Tidak terasa hari berganti hari,tinggal beberapa hari Ayu dan teman-temannya berada disini.Ayu merasa sangat bangga kepada dirinya sendiri, disini dia bisa menjadi dokter yang hebat dan disukai banyak orang.
Ayu mendapatkan banyak teman yang menyayanginya dan sebuah keluarga untuk tempatnya berlindung.
Semua pegawai dan juga dokter dirumah sakit saling menyayangi seperti sebuah keluarga. Ayu mengambil beberapa gambar mereka untuk menjadi kenang-kenangan ketika dia kembali ke kota nanti.
Ayu memandang foto pada ponselnya, air matanya menetes membasahi pipinya.Juna melihat dari jauh dia ingin sekali mendekat dan menghibur Ayu namun serasa kakinya membatu tidak bisa digerakkan.
" Kamu kenapa?" tanya Dwi
"Aku pasti akan merindukan tempat ini." kata Ayu sambil melihat sekeliling
" Aku juga." kata Adam
Ayu tersenyum, Dwi memeluk tubuh Ayu begitu pula Adam memeluk tubuh Ayu dan Dwi yang sedang berpelukan.Perasaan mereka campur aduk, antara senang karena tugas mereka telah selesai dan sedih karena harus meninggalkan tempat ini.
Bagi Ayu rumah sakit yang berada dipedesaan ini telah memberikanya sebuah pengalaman dan pelajaran yang sangat luar biasa.Para dokter disana tidak pernah bosan memberikan bimbingan kepadanya dan teman-temannya untuk menjadi doktet yang lebih baik.
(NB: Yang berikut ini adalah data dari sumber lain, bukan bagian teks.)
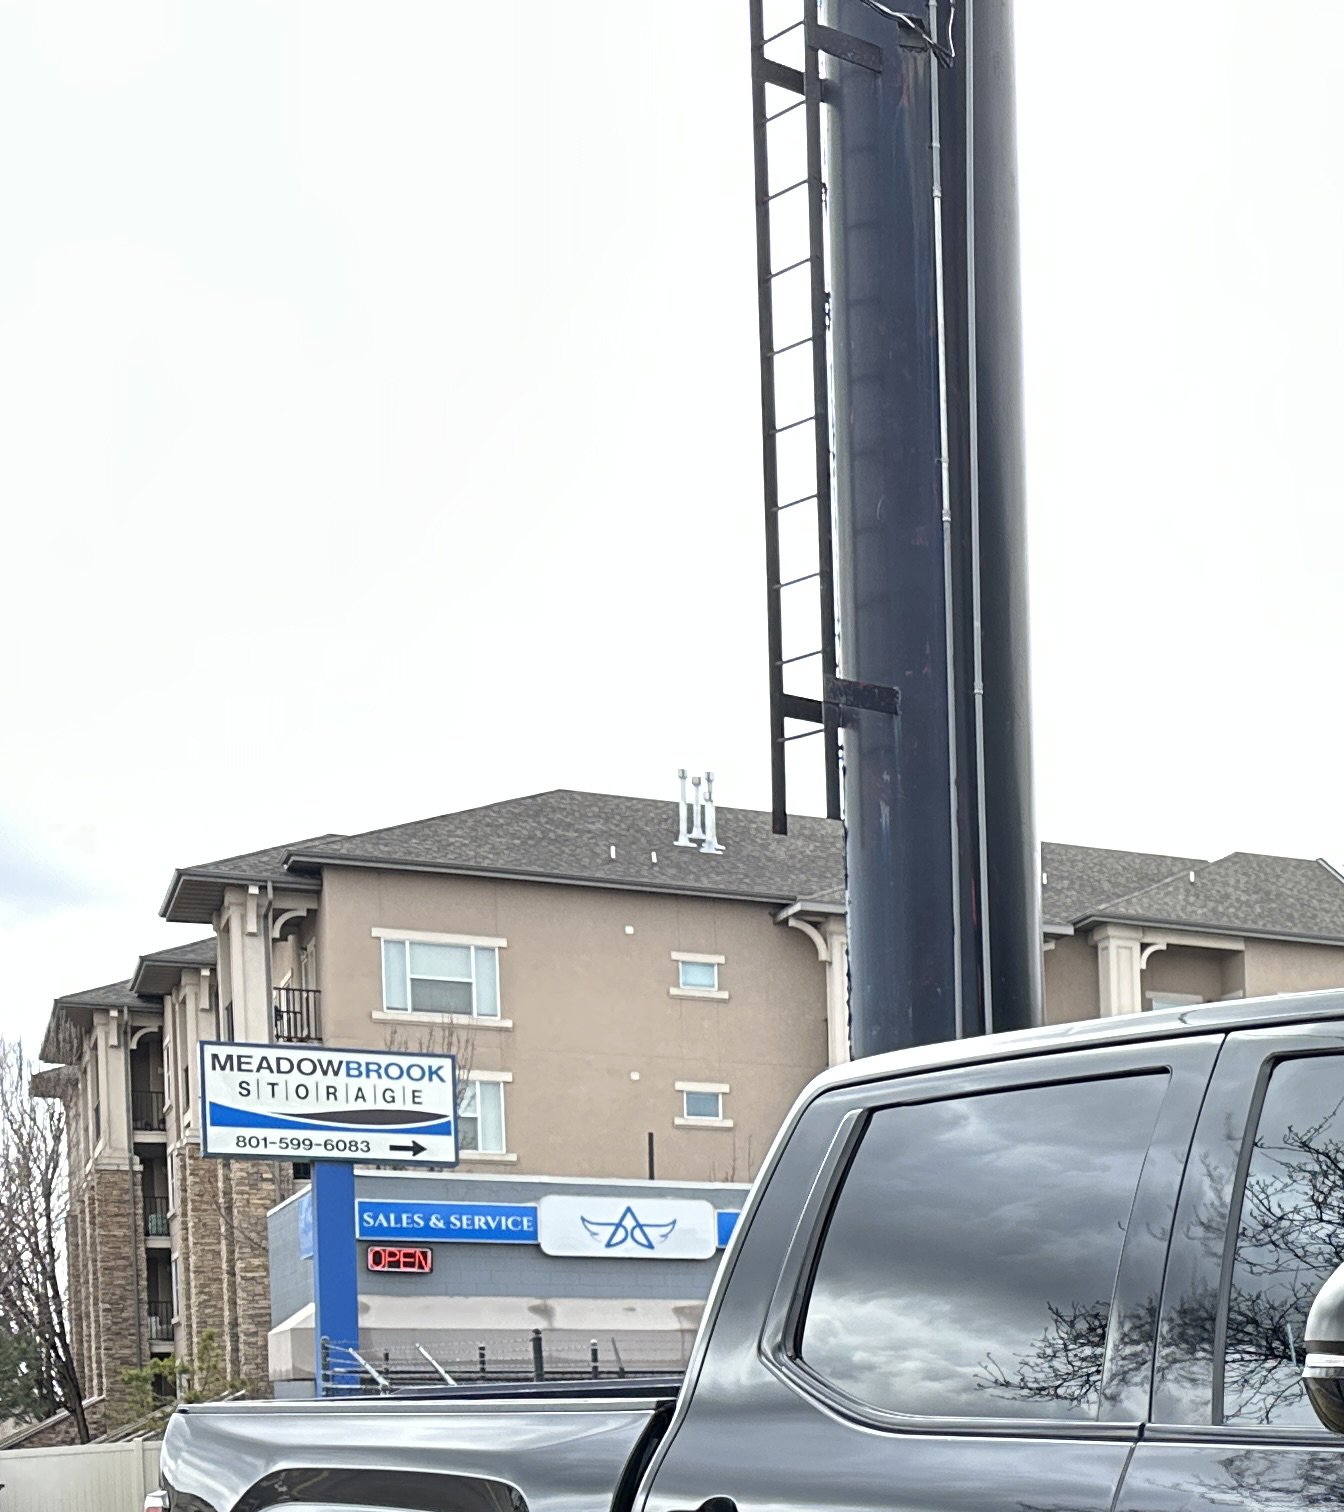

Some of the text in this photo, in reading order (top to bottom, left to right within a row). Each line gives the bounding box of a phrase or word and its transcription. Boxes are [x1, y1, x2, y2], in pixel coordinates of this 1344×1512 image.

Kalau saja Ayu belum menikah, dia sangat ingin tinggal disini,terus memjadi dokter dirumah sakit ini.
" Jangan bersedih, kamu akan menjadi dokter yang luar biasa nanti." kata Fahri
" Kak Fahri." kata Ayu yang sedikit kaget melihat Fahri sudah ada disampingnya.
Ayu memeluk Fahri, mereka telihat seperti seorang adik dan kakak yang saling menyayangi.Melihat Ayu memeluk Fahri, Dwi dan Adam juga memeluk Fahri dengan erat mereka semua meloncat-loncat karena gembira.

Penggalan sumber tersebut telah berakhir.